Eight species are restricted to a very small area: Davallia assamica to Assam and neighbouring areas, Davallia brassii to a small area around the border of Irian Jaya and Papua New Guinea, Davallia leptocarpa to Aneityum in the New Hebrides (Vanuatu), Davallia rouffaeriensis to a very restricted area near the Rouffaer River in Irian Jaya, Davallia sessilifolioides to Seram, Davallia speciosa to Moulmein in Burma, Davallia tasmani to Three Kings island, north of New Zealand, and Davallia undulata to Halmaheira and Ternate in the Moluccas.
Two species have a very wide distribution, Davallia denticulata from tropical West Africa to the Society Islands in the Pacific and Davallia repens from tropical West Africa to Samoa. The latter species is found as far north as Japan and as far south as the Kerguelen (The large variability is discussed under this species. Whereas in the outer ranges of its distribution the species is rather constant, it is highly variable in the inner regions where it comes into contact with other species of the genus). The majority of the species have a moderately large area of distribution in Southeast Asia, 11 genera extending far into the Pacific: Davallia brevipes, Davallia denticulata, Davallia embolostegia, Davallia falcinella, Davallia heterophylla, Davallia pectinata, Davallia sessilifolia , Davallia solida , and Davallia pentaphylla .
Davallia leptocarpa and Davallia graeffei are restricted to the Pacific.
The distribution of Davallia canariensis , in northern Africa and southwestern Europe, lies outside the area of the rest of the genus just as the distribution of Davallia tasmani at the other side of the globe. Nevertheless both species are so similar that they could be varieties (Map1; Map2; Map3, species of Davallia ).

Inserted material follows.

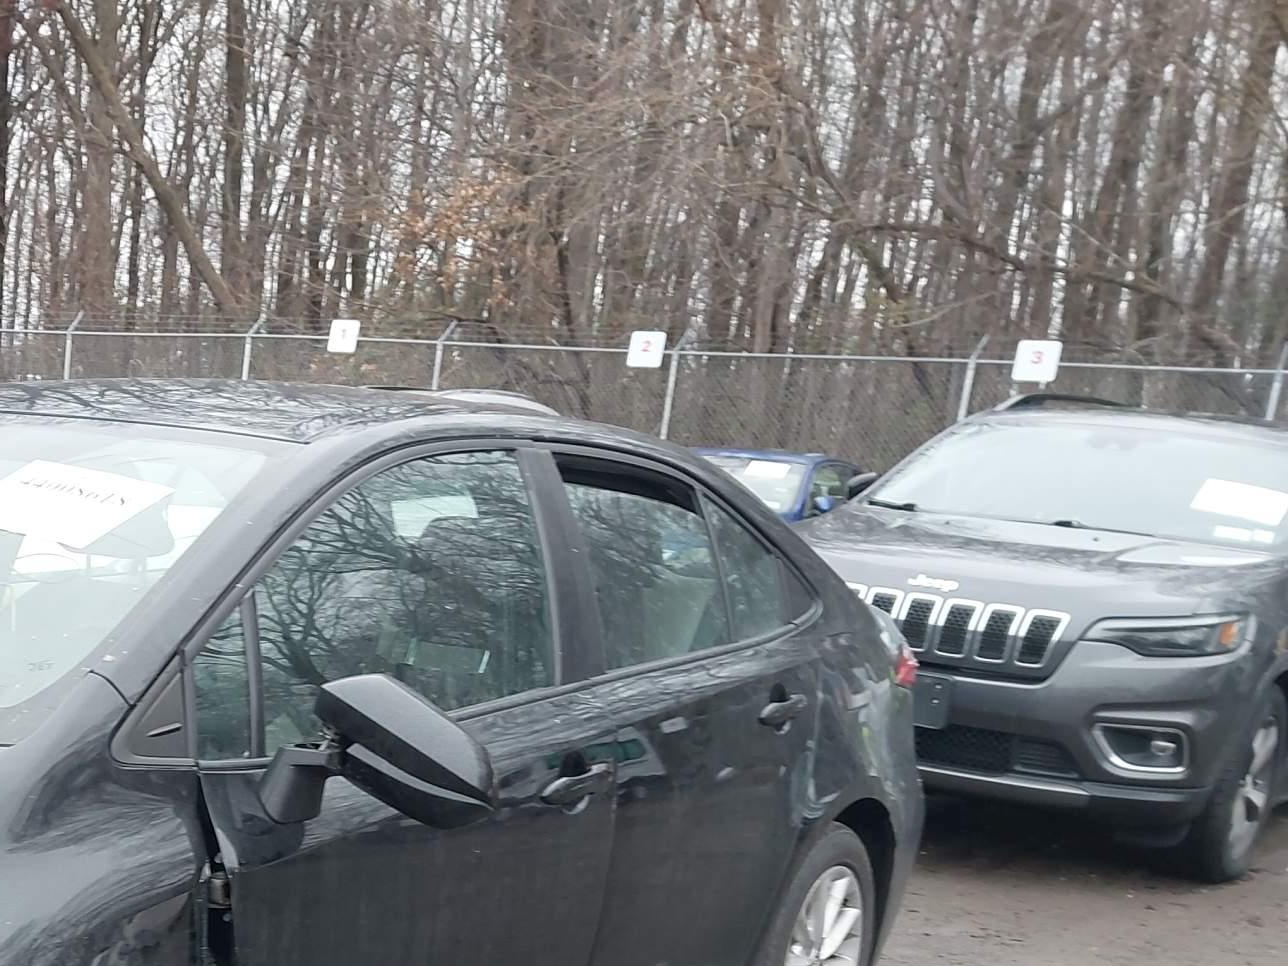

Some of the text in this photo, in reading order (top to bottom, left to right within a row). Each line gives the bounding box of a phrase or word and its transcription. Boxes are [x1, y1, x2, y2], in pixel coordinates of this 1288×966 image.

[640, 340, 652, 352] 2
[1030, 350, 1044, 364] 3
[907, 573, 960, 592] Jeep

The recent centre of distribution of the genus (and of the family) is clearly Malesia with 23 of the total 34 species and 9 endemic species. Malesia and the Pacific together possess 16 endemic species. The island of Sumatra contains 16 species, Borneo 14, the Philippines 13, the Moluccas 15, New Guinea 14, but the Pacific also has a large number of species, viz. 14, of which three (one in New Zealand) are endemic. The species endemic to Asia north of the Isthmus of Kra in Southern Thailand number only 7 (Map4).
The distribution of so many taxa far into the Pacific may be explained because the adverse trade and monsoon winds usually do not blow during the time there are spores. Then the winds blow towards the Pacific, at least in the Philippines. Davallia canariensis might be a relict from the Eocene epoch, but for the distribution of Davallia tasmani an explanation is difficult to find.